1. The native heap—for example, a native heap like jemalloc—can configure
the base "granularity" and then use MADV_DONTNEED/FREE at that granularity
to manage memory. Currently, the default granularity is PAGE_SIZE, which can
lead to excessive folio splitting. For instance, if we set jemalloc's
granularity to
16KB while sysfs supports 16KB, 32KB, 64KB, etc., splitting can still occur.
Therefore, in some cases, I believe the kernel should be aware of how
userspace is managing memory.
2. Java heap GC compaction - userfaultfd_move() things.
I am considering adding support for batched PTE/folios moves in
userfaultfd_move().
If sysfs enables 16KB, 32KB, 64KB, 128KB, etc., but the userspace Java
heap moves
memory at a 16KB granularity, it could lead to excessive folio splitting.
For exec, it seems we need a userspace-transparent approach. Asking each
application to modify its code to madvise the kernel on its preferred exec folio
size seems cumbersome.
I mean, we could whitelist all execs by default unless an application explicitly
requests to disable it?
> - Provide a sysfs knob
> - Plug into the “mapping min folio order” infrastructure
> - Other approaches?
>
> [1] https://lore.kernel.org/all/20240215154059.2863126-1-ryan.roberts@arm.com/
> [2] https://lore.kernel.org/all/20240717071257.4141363-1-ryan.roberts@arm.com/
>
> Thanks,
> Ryan
Thanks
Barry
next prev parent reply other threads:[~2025-03-19 20:48 UTC|newest]

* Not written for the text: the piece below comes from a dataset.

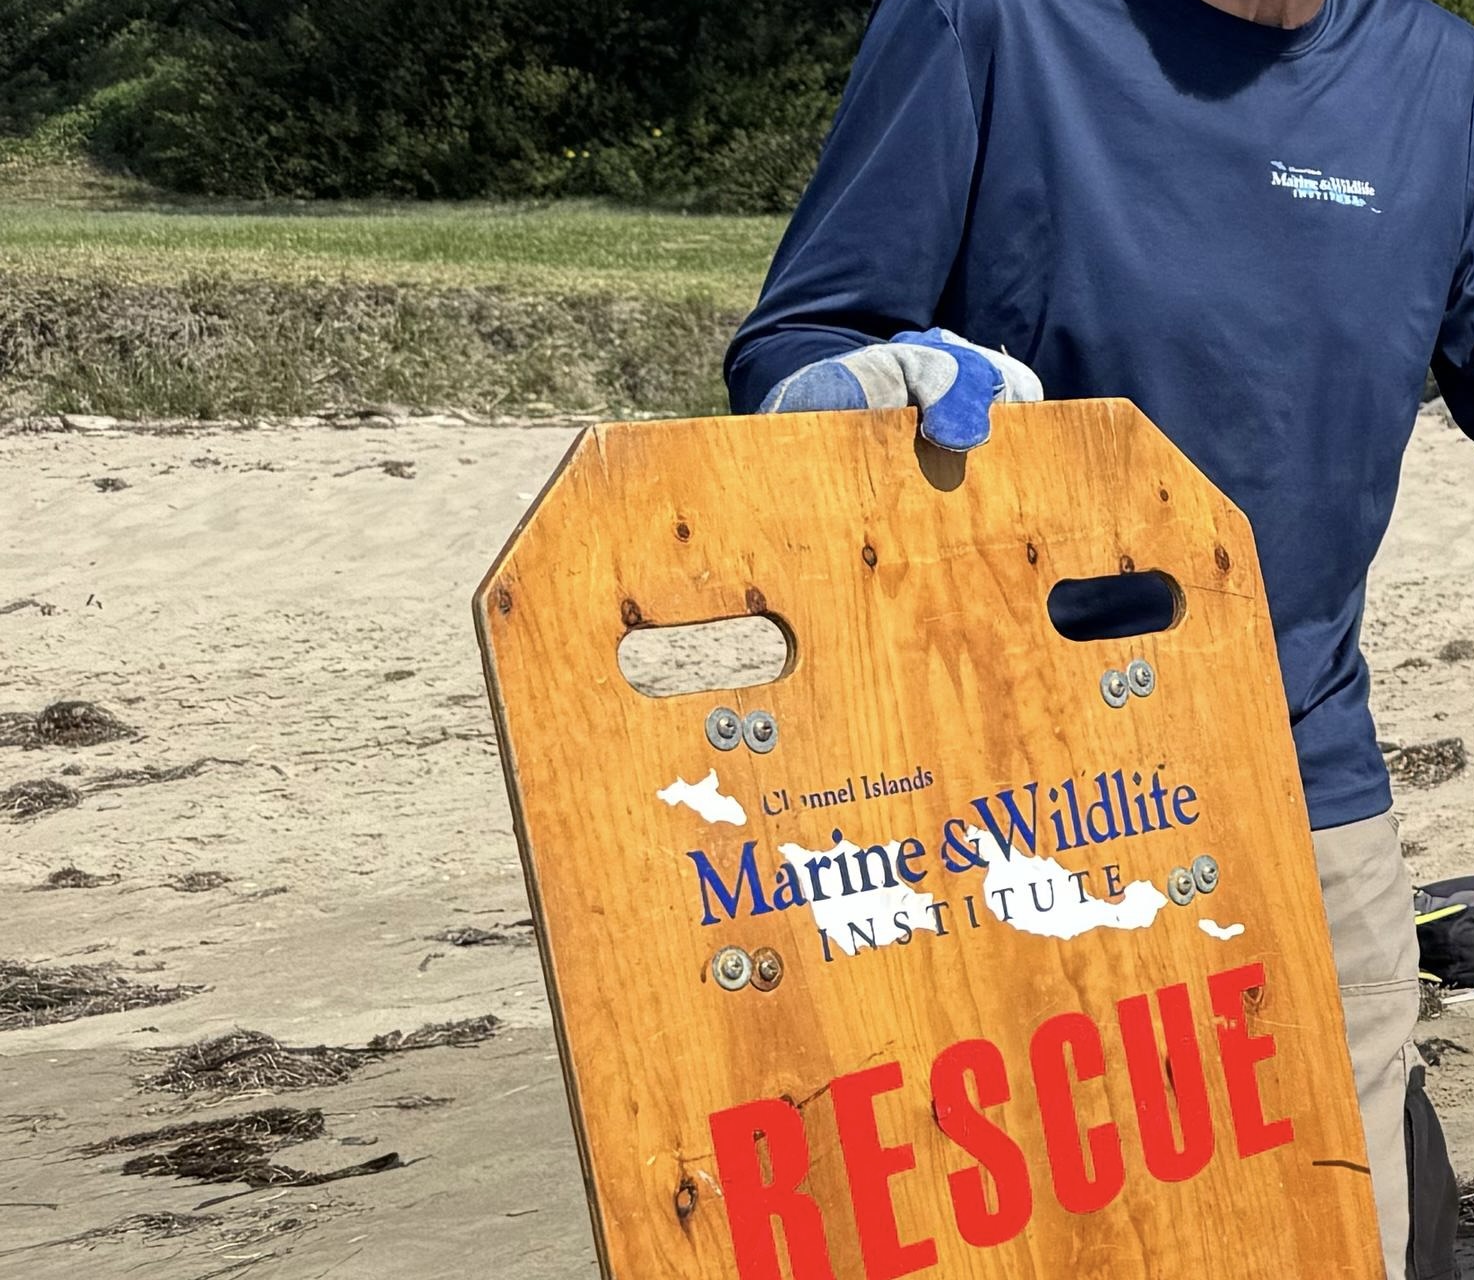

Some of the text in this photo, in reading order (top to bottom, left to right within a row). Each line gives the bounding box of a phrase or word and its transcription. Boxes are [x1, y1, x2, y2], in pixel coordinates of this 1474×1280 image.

[860, 765, 935, 800] Islands
[686, 827, 928, 927] Marine
[971, 767, 1201, 864] Wildlife
[817, 863, 1127, 963] INSTITUTE

Thread overview: 13+ messages / expand[flat|nested] mbox.gz Atom feed top
2025-03-19 15:38 Ryan Roberts
2025-03-19 18:16 ` Yang Shi
2025-03-19 20:38 ` Dave Chinner
2025-03-19 22:13 ` Barry Song
2025-03-20 0:53 ` Dave Chinner
2025-03-20 14:47 ` Ryan Roberts
2025-03-20 12:16 ` Ryan Roberts
2025-03-20 12:13 ` Ryan Roberts
2025-03-19 20:47 ` Barry Song [this message]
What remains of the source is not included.